Morreu um dos homens maiores da cultura brasileira e um grande defensor da liberdade. Muito do que foi dito nos seus programas, nos dias de hoje seria impossível dizer. Jô Soares gostava de brincar com todos os temas e não havia assuntos tabu. Os portugueses, que tantas vezes foram gozados, à semelhança dos argentinos, por exemplo, não se sentiram com vontade de ir fazer queixinhas a alguma organização anti-xenofobia, pois o humor não tem limites. E Jô Soares adorava Portugal, onde tinha amigos especiais, mas não era por essa razão que deixava de brincar com os padeiros de bigode.
Mesmo durante a ditadura militar Jô Soares não se intimidou, e como a vida mudou tanto nos últimos tempos. Quem trabalha no Brasil em ficção sabe perfeitamente que os textos são censurados, não vá algum diálogo ofender um diácono qualquer. Seja branco, amarelo, negro, gay, camionista ou por aí fora. Até a simples expressão do ‘samba do crioulo doido’ está proibida. Ainda há dias estava a ver uma entrevista de Jô Soares onde um músico contava um episódio verdadeiramente hilariante que esteve na origem da criação de um samba, já que estava convencido que tinha sido uma mulher a causa da inspiração até que descobriu que era um travesti. A risota foi geral e tudo era permitido, algo que hoje, como sabemos, é impossível.

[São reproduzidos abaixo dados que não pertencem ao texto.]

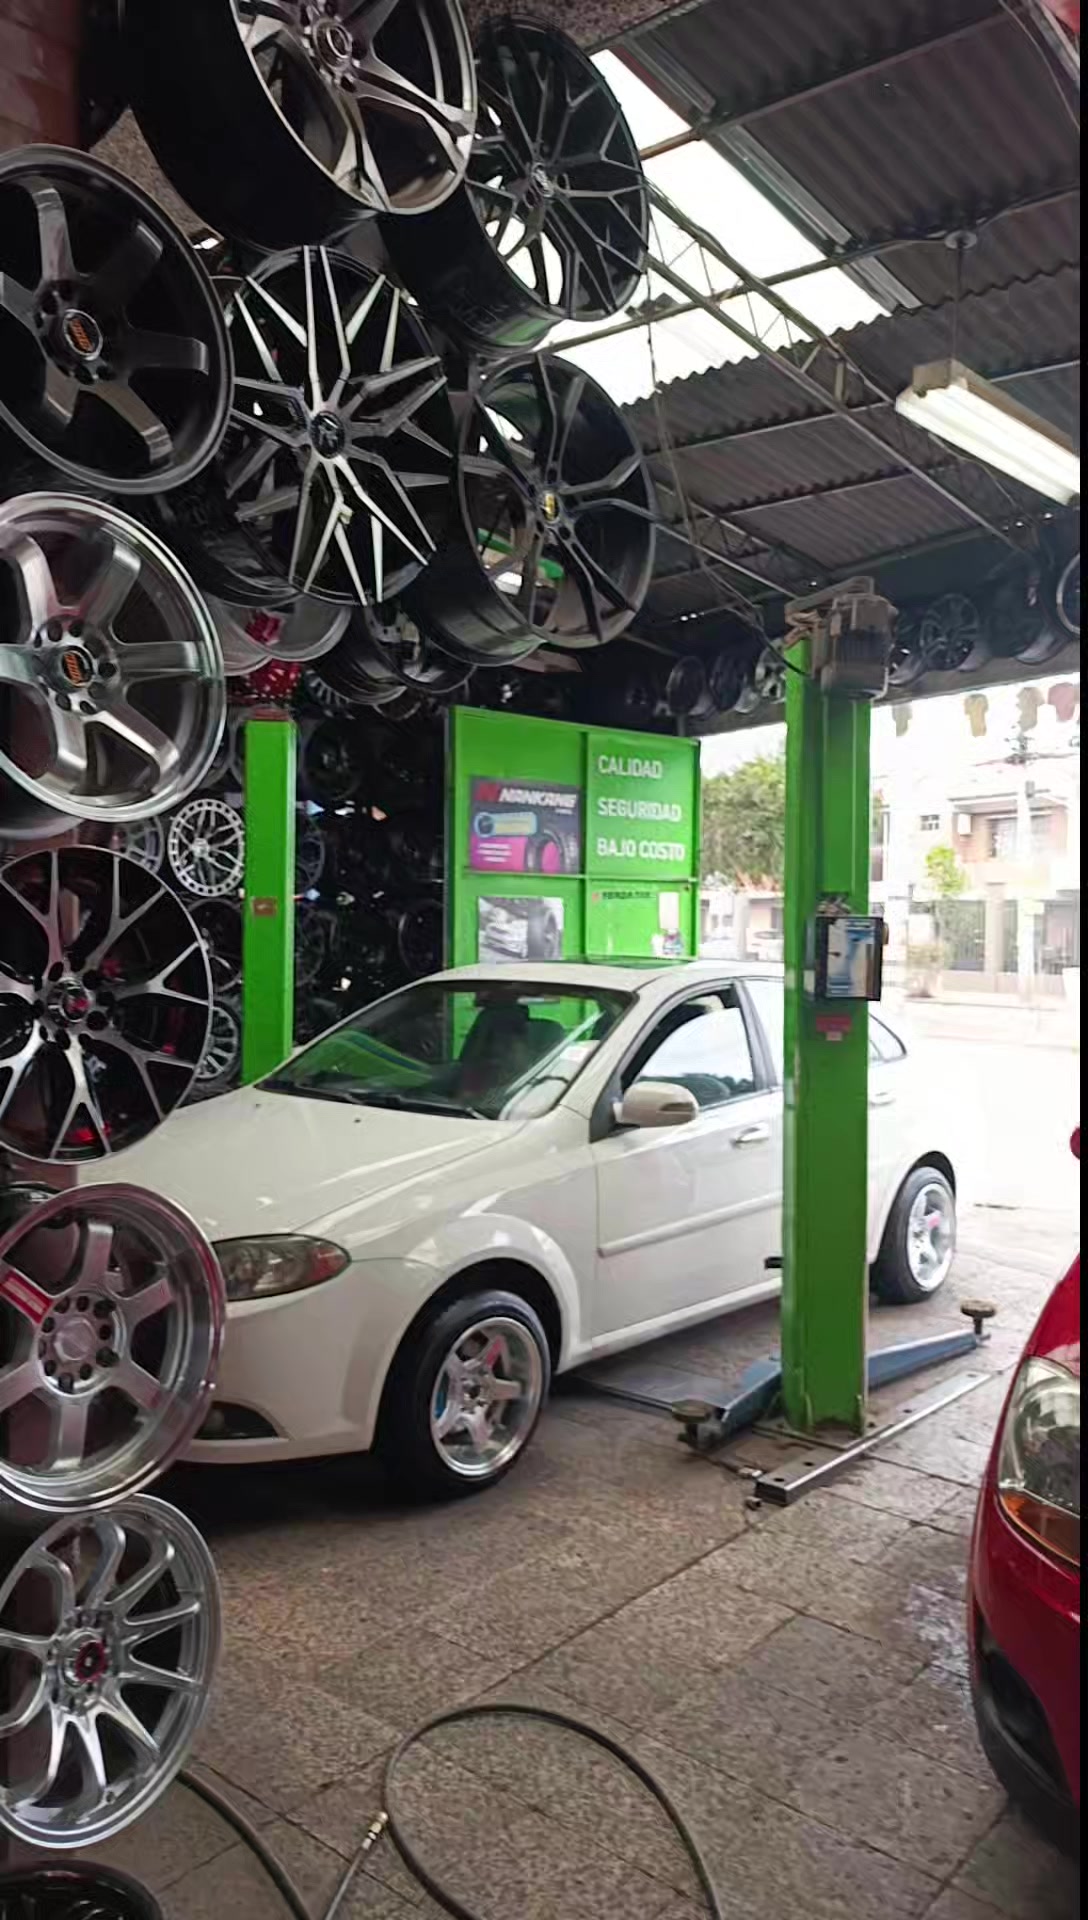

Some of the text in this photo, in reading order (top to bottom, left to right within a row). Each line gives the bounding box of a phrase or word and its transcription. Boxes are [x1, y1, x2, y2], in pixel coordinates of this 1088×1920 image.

Muito boa gente ainda não percebeu que estamos perante uma ditadura ‘camuflada’ onde uns poucos nos querem limitar a criatividade ou a forma de viver. Por isso, é preciso comemorar Jô Soares, que ainda há uns tempos declamou um poema de Mary Elizabeth Frye: «Não chorem à beira do meu túmulo, eu não estou lá. Estou no soprar dos ventos, nas tempestades de verão, e nos chuviscos suaves da primavera. Eu sou a pressa inquieta dos ruídos da cidade e o silêncio das madrugadas. Não chorem à beira do meu túmulo, eu não estou lá. Estou no brilho das estrelas perfurando a noite e no cantar alegre dos pássaros. Não, não chorem tristes à beira do meu túmulo, eu não estou lá. Eu não estou lá, eu não morri. Eu sou a vida incessante e livre que corre nas águas do rio».

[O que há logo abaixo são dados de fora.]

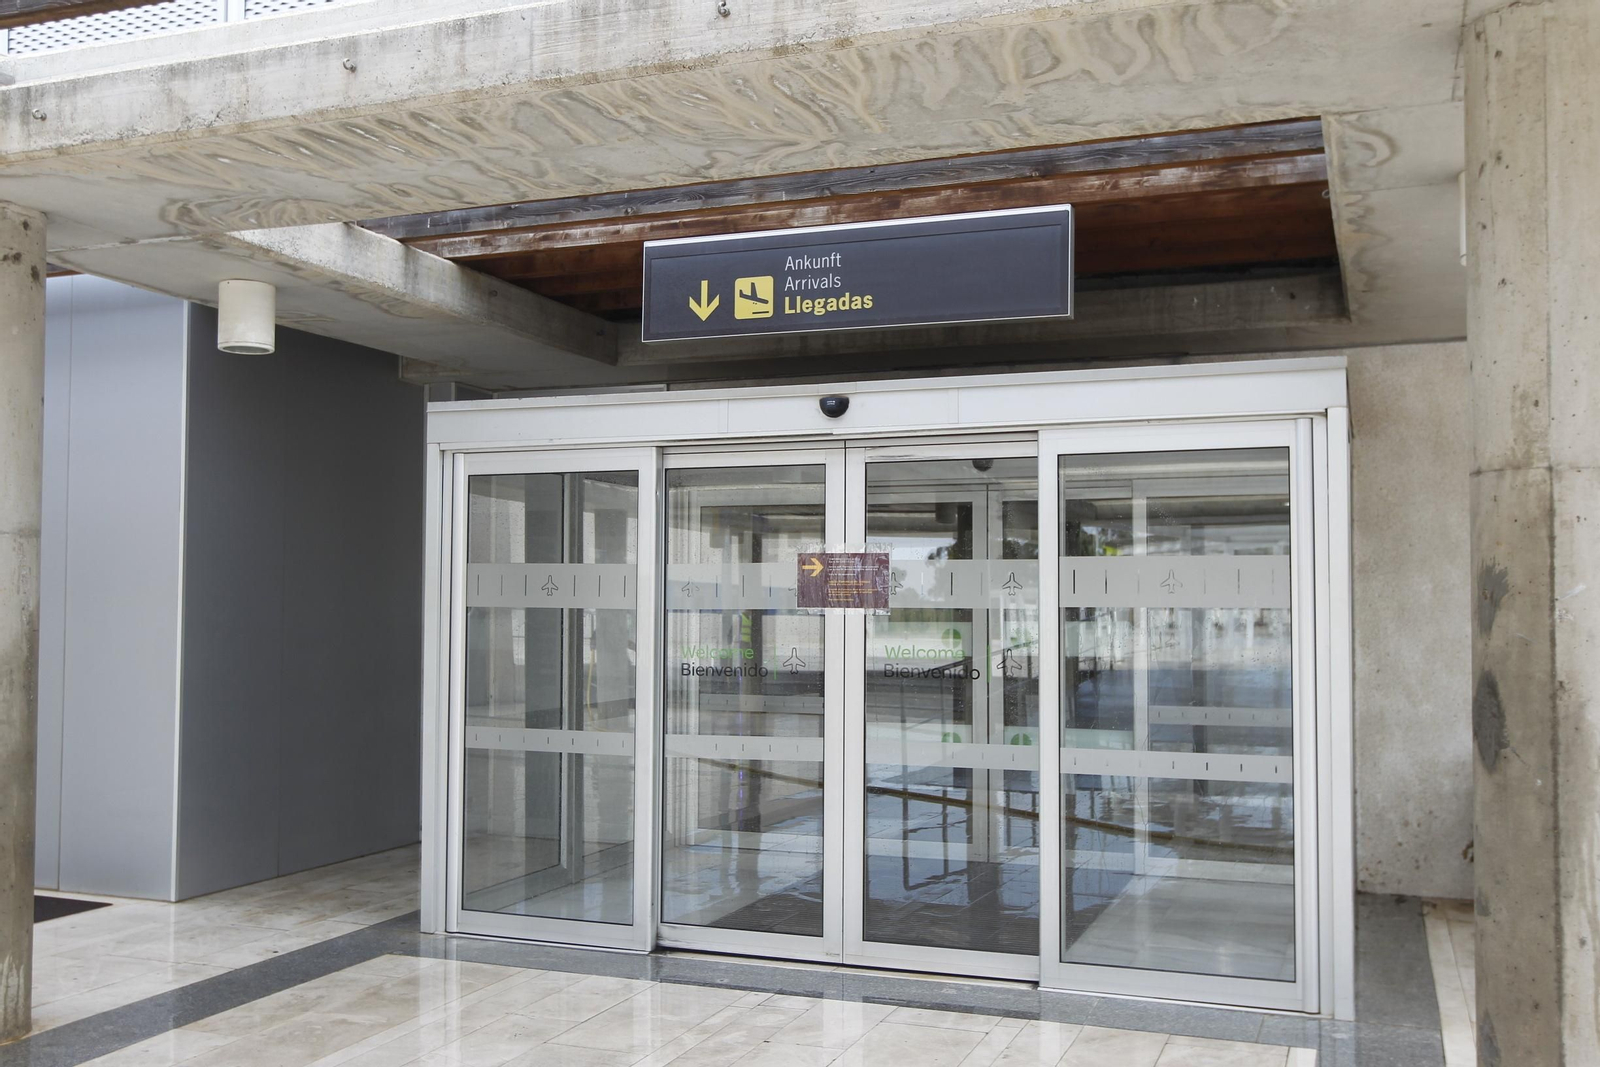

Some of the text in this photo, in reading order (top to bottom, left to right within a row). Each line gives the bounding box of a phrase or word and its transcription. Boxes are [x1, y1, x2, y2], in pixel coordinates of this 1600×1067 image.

[785, 252, 841, 271] Ankunft
[785, 273, 841, 291] Arrivals
[785, 292, 873, 316] Llegadas
[681, 644, 754, 659] Welcome
[884, 644, 966, 660] Welcome
[681, 662, 768, 678] Bienvenido
[883, 663, 981, 680] Bienvenido

Por falar em ser livre, o que será que nos espera no futuro? Estaremos condenados a viver debaixo de ditaduras de esquerda ou de direita? Aquilo que foi alcançado depois da II Grande Guerra nunca esteve tão em perigo, pois a juntar-se aos populismos vivemos na angústia da possibilidade de uma III Grande Guerra. O que se passa em Taiwan estava escrito desde o início da guerra na Ucrânia e a ‘desmiolada’ Nancy Pelosi só veio dar mais gás a essa possibilidade. Se a China invadir Taiwan o que farão os americanos? Vão defender o pequeno país, dando início à guerra global?

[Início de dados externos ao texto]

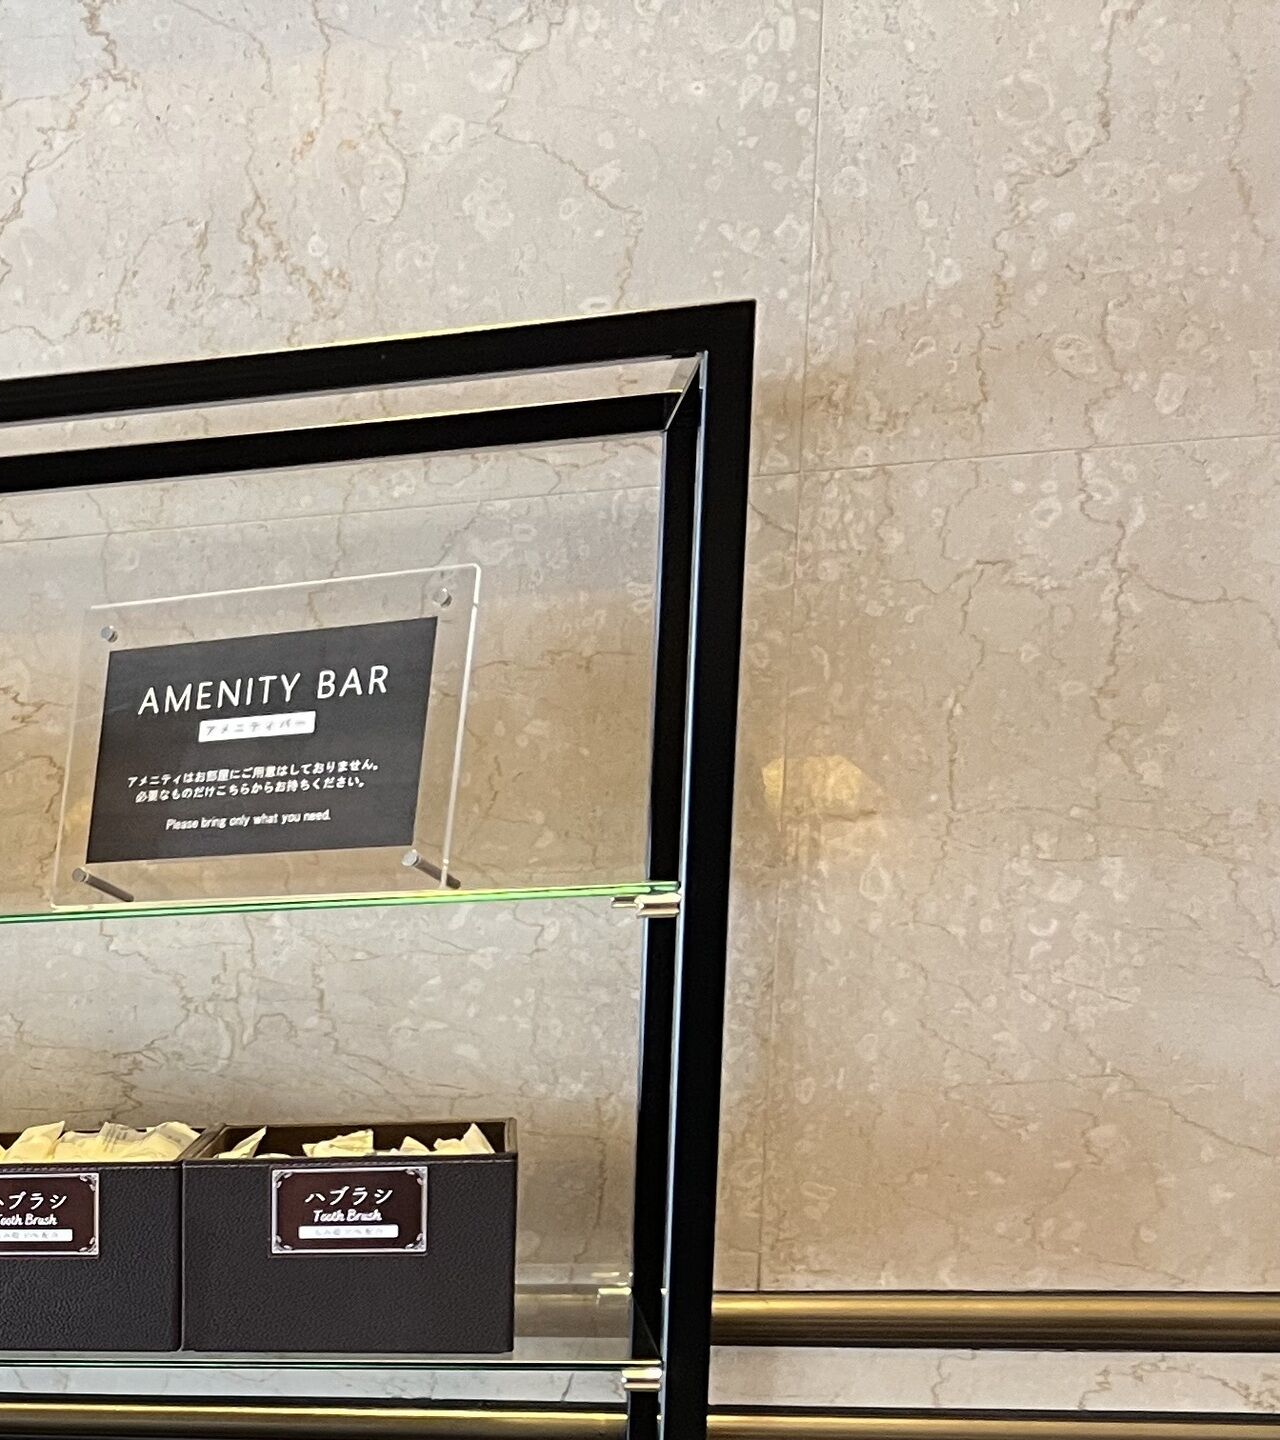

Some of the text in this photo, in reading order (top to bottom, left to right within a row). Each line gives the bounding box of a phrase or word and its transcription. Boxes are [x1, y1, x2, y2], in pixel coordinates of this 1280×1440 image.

[137, 664, 390, 716] AMENITY BAR
[206, 718, 308, 737] アメニティバー
[165, 818, 199, 831] Please
[200, 816, 227, 829] bring
[229, 813, 251, 827] only
[253, 813, 279, 825] what
[281, 812, 302, 825] you
[304, 1185, 394, 1206] ハブラシ
[24, 1212, 58, 1226] Brush
[313, 1208, 383, 1223] Tooth Brush
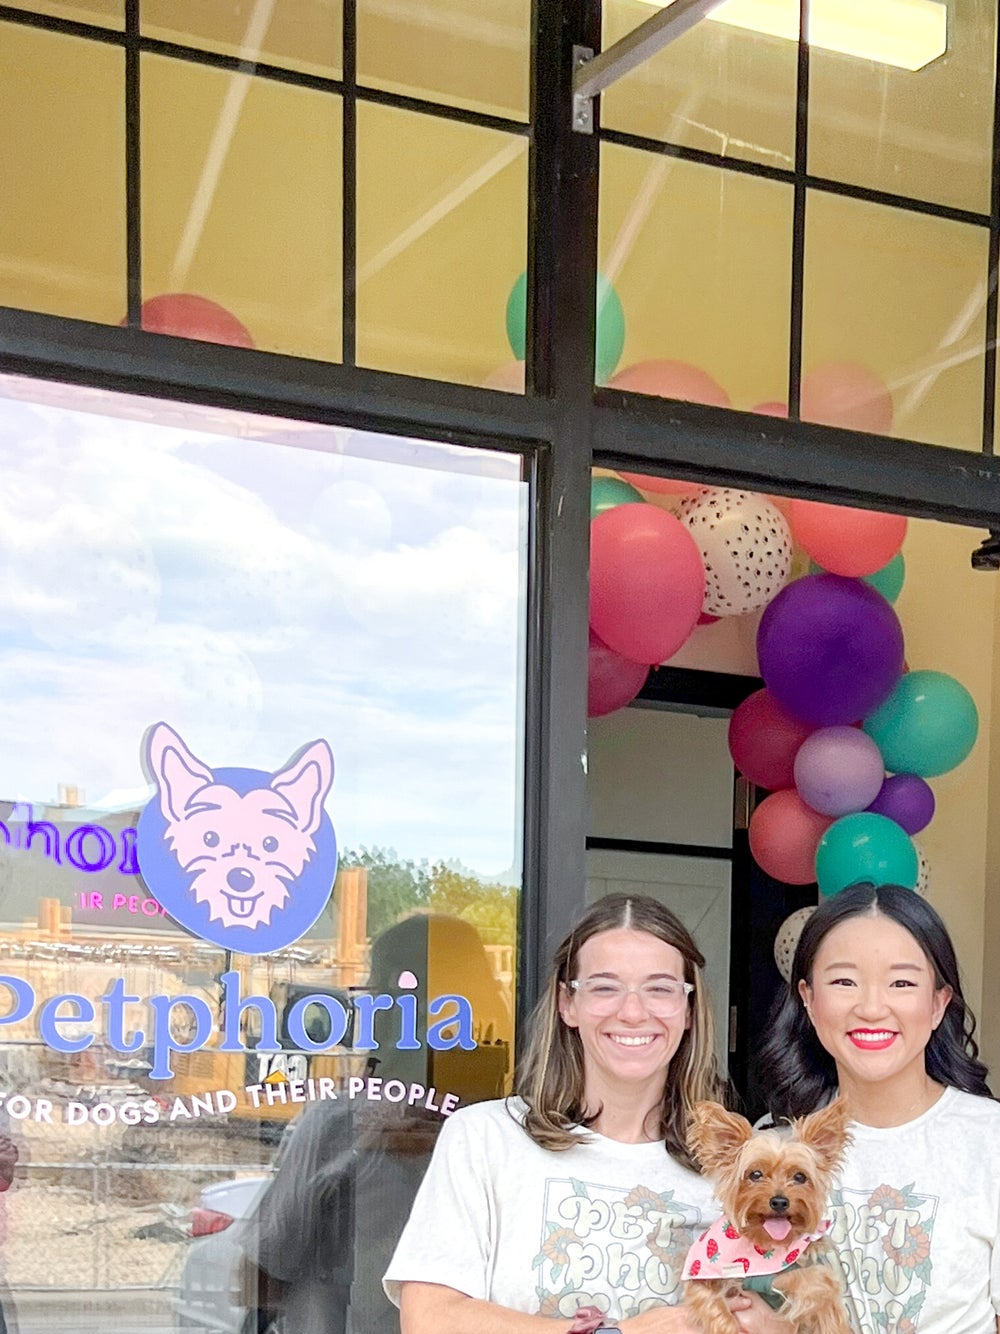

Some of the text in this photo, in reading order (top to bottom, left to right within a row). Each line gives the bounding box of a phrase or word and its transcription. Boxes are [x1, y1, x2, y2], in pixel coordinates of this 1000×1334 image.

[112, 893, 167, 917] PEO
[0, 1077, 460, 1126] OR DOGS AND THEIR PEOPLE
[558, 1196, 686, 1248] PET

Mas mesmo que o não façam, todos iremos viver pior, pois Taiwan é o principal fornecedor de chips tão necessários para tudo o que é elétrico. E a Europa é confrontada com todos os disparates que fez nos últimos anos, com a história da deslocalização de fábricas. Hoje é óbvio que foi um disparate monumental acabar com fábricas fundamentais para o funcionamento da economia e não só.
Mas se a China persistir nos seus exercícios militares, colocando Taiwan isolado do resto do mundo, serão, mais uma vez, os mais pobres a sofrerem as consequências, pois quem tem dinheiro em vez de comprar determinado ‘brinquedo’ opta por outro. Vamos mesmo que ter de aprender a viver de outra forma e o que é mais irritante é que vamos ser obrigados. Bem podíamos fazê-lo de livre vontade.